(RECORDS FOR THE EXERCISE):
======
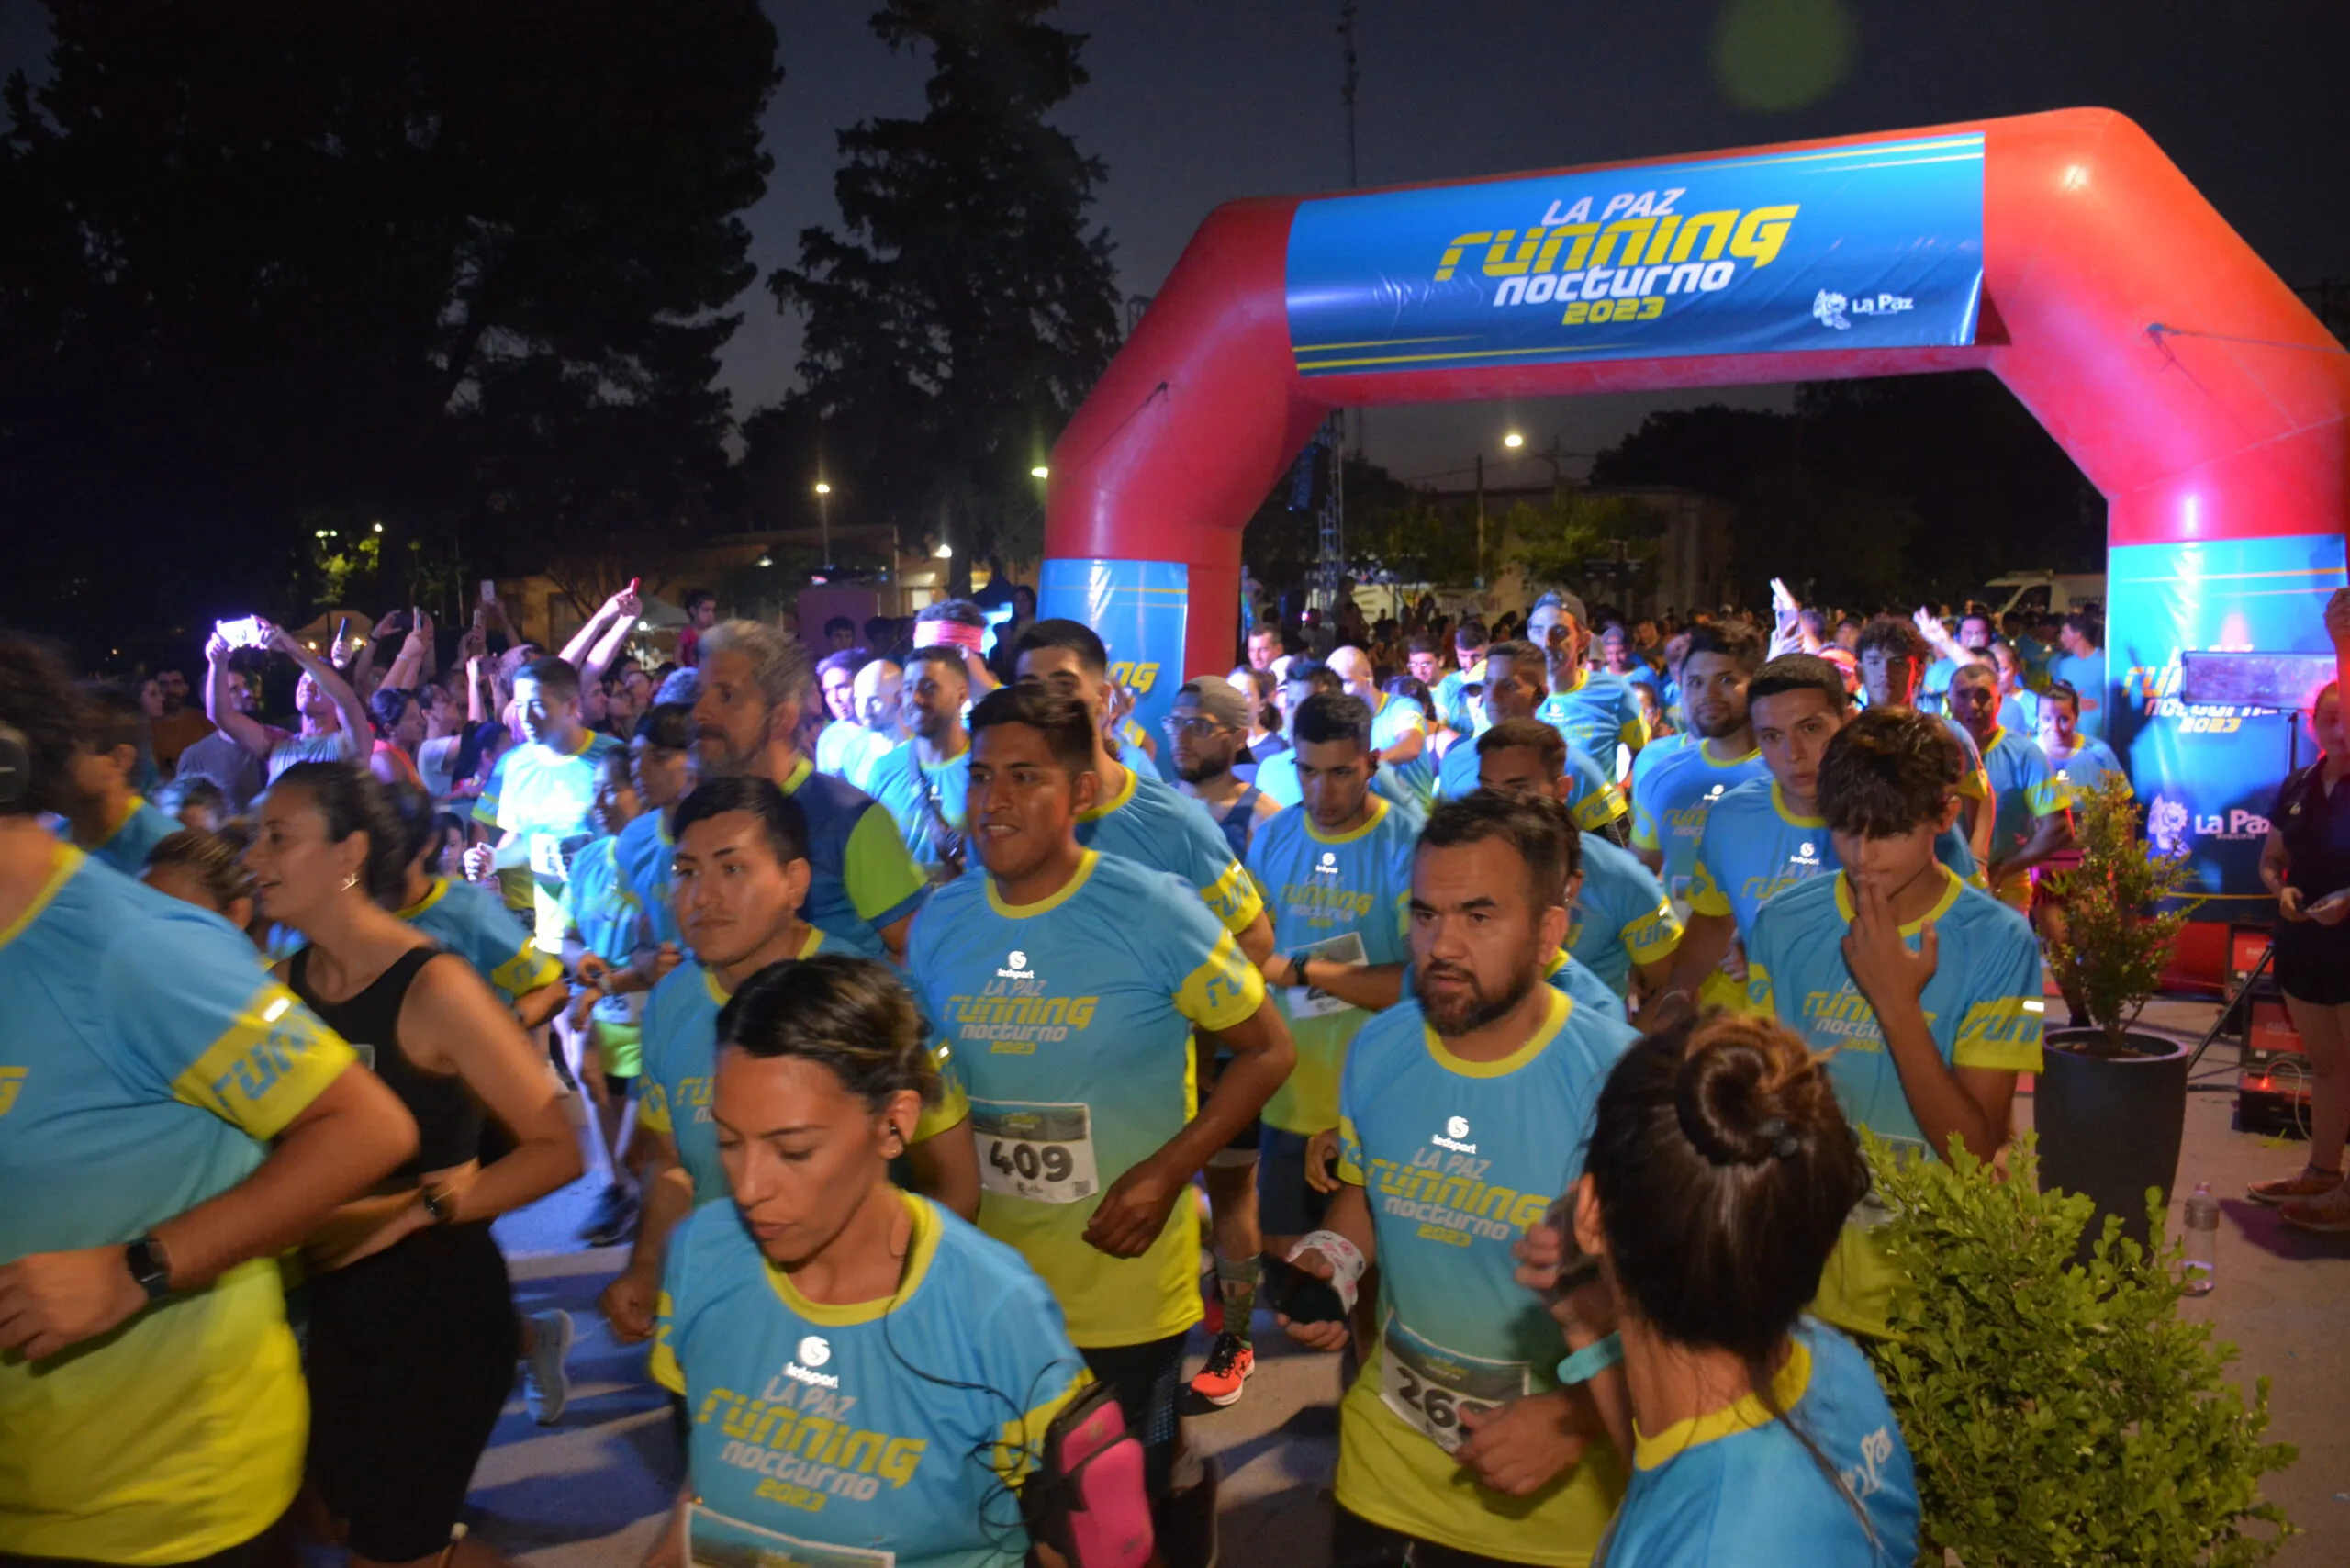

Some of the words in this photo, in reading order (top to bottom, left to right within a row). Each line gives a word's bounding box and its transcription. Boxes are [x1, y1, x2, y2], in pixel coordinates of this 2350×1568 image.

[1541, 196, 1594, 227] LA
[1601, 187, 1687, 220] PAZ
[1493, 261, 1736, 307] nocturno
[1561, 296, 1666, 326] 2023
[1852, 297, 1874, 313] La
[1877, 293, 1915, 311] Paz
[2178, 717, 2242, 733] 2023
[2195, 814, 2224, 834] La
[983, 979, 1007, 997] LA
[1009, 980, 1048, 997] PAZ
[960, 1023, 1068, 1042] nocturno
[990, 1040, 1037, 1055] 2023
[990, 1140, 1074, 1182] 409
[1411, 1147, 1444, 1170] LA
[1444, 1154, 1492, 1181] PAZ
[1383, 1196, 1511, 1240] nocturno
[1416, 1222, 1473, 1248] 2023
[762, 1375, 799, 1406] LA
[799, 1387, 858, 1422] PAZ
[721, 1439, 881, 1502] nocturno
[755, 1478, 828, 1513] 2023
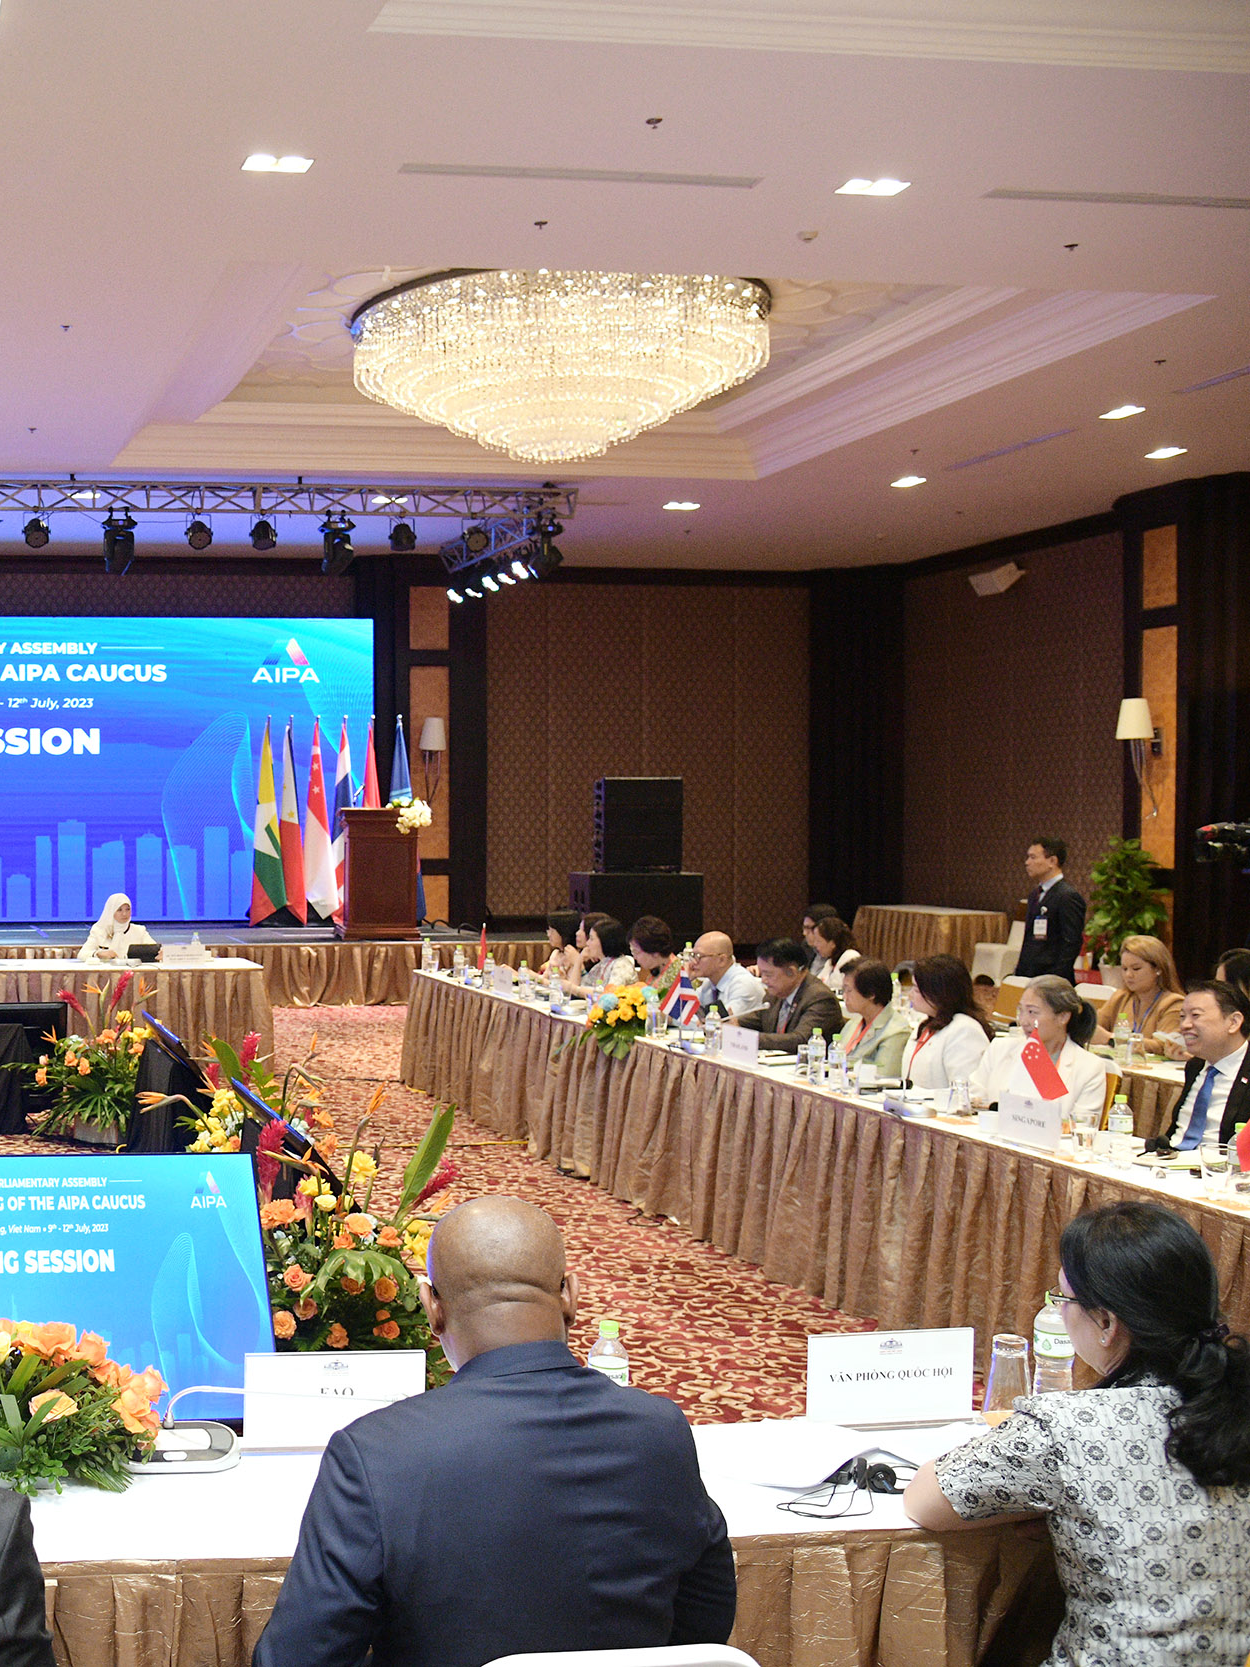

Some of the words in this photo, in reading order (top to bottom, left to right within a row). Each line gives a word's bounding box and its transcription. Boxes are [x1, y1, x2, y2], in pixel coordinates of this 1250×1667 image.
======
(WHAT IS REQUIRED):
Print the records above word for word, omitting any picture they contain.

(TASK RESPONSE):
Some of the words in this photo, in reading order (top to bottom, left to right within a row). Each line gives a word's bounding box and its transcription. Boxes are [x1, y1, x2, y2], in pixel coordinates of this 2350×1568 image.

[1541, 196, 1594, 227] LA
[1601, 187, 1687, 220] PAZ
[1493, 261, 1736, 307] nocturno
[1561, 296, 1666, 326] 2023
[1852, 297, 1874, 313] La
[1877, 293, 1915, 311] Paz
[2178, 717, 2242, 733] 2023
[2195, 814, 2224, 834] La
[983, 979, 1007, 997] LA
[1009, 980, 1048, 997] PAZ
[960, 1023, 1068, 1042] nocturno
[990, 1040, 1037, 1055] 2023
[990, 1140, 1074, 1182] 409
[1411, 1147, 1444, 1170] LA
[1444, 1154, 1492, 1181] PAZ
[1383, 1196, 1511, 1240] nocturno
[1416, 1222, 1473, 1248] 2023
[762, 1375, 799, 1406] LA
[799, 1387, 858, 1422] PAZ
[721, 1439, 881, 1502] nocturno
[755, 1478, 828, 1513] 2023

Some of the words in this photo, in reading order (top to bottom, left to right within a row). Each line gives a word's bounding box and its transcription. Boxes are [x1, y1, x2, y2], in pixel coordinates of this 1250×1667 image.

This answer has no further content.